TASK INSTRUCTIONS: In the listing that follows, print every line exactly and leave the images out.
----- SUPPLIED RECORDS
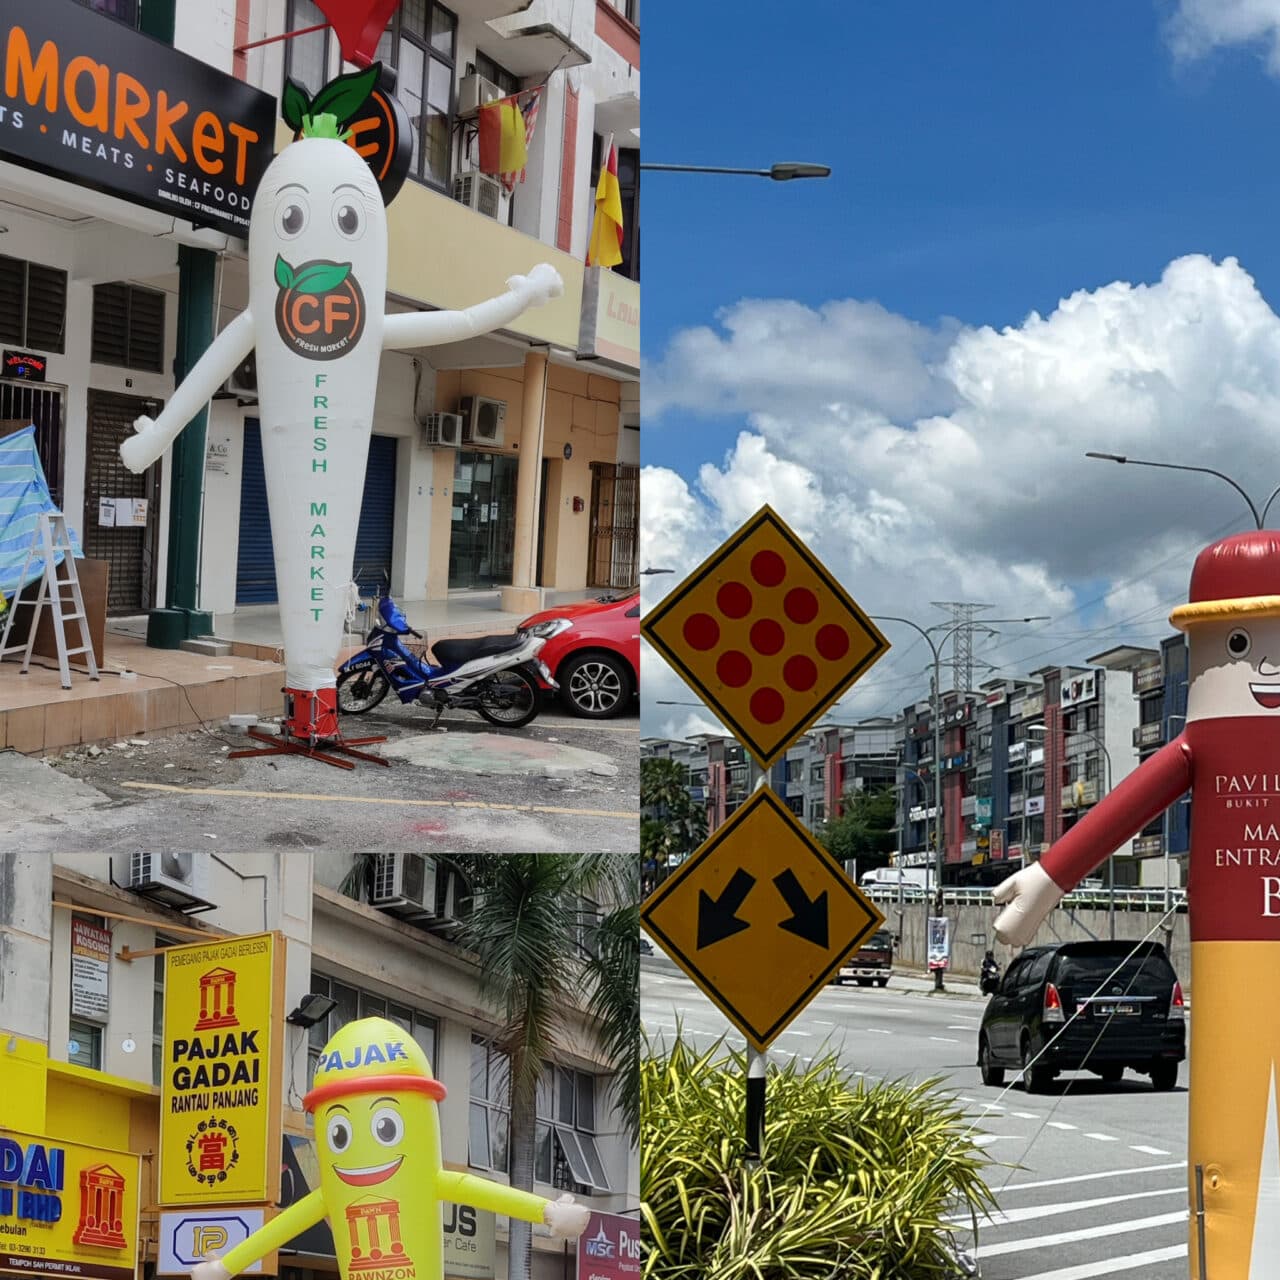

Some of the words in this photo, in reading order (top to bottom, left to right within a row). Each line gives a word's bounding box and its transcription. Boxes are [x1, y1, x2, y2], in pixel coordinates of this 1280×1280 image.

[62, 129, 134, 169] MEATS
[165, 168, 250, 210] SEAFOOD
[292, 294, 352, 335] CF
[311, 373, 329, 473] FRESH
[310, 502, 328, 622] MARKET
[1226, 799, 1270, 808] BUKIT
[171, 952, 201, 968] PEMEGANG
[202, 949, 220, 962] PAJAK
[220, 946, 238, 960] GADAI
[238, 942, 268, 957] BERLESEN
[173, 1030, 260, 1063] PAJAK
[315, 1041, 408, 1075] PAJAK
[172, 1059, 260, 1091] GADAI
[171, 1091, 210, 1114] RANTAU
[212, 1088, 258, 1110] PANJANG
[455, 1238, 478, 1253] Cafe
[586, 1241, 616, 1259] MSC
----------
RESULT FOR THIS EXERCISE:
Some of the words in this photo, in reading order (top to bottom, left to right within a row). Each line gives a word's bounding box and its transcription. Boxes are [x1, y1, x2, y2], in pixel coordinates of this 1280×1280 image.

[62, 129, 134, 169] MEATS
[165, 168, 250, 210] SEAFOOD
[292, 294, 352, 335] CF
[311, 373, 329, 473] FRESH
[310, 502, 328, 622] MARKET
[1226, 799, 1270, 808] BUKIT
[171, 952, 201, 968] PEMEGANG
[202, 949, 220, 962] PAJAK
[220, 946, 238, 960] GADAI
[238, 942, 268, 957] BERLESEN
[173, 1030, 260, 1063] PAJAK
[315, 1041, 408, 1075] PAJAK
[172, 1059, 260, 1091] GADAI
[171, 1091, 210, 1114] RANTAU
[212, 1088, 258, 1110] PANJANG
[455, 1238, 478, 1253] Cafe
[586, 1241, 616, 1259] MSC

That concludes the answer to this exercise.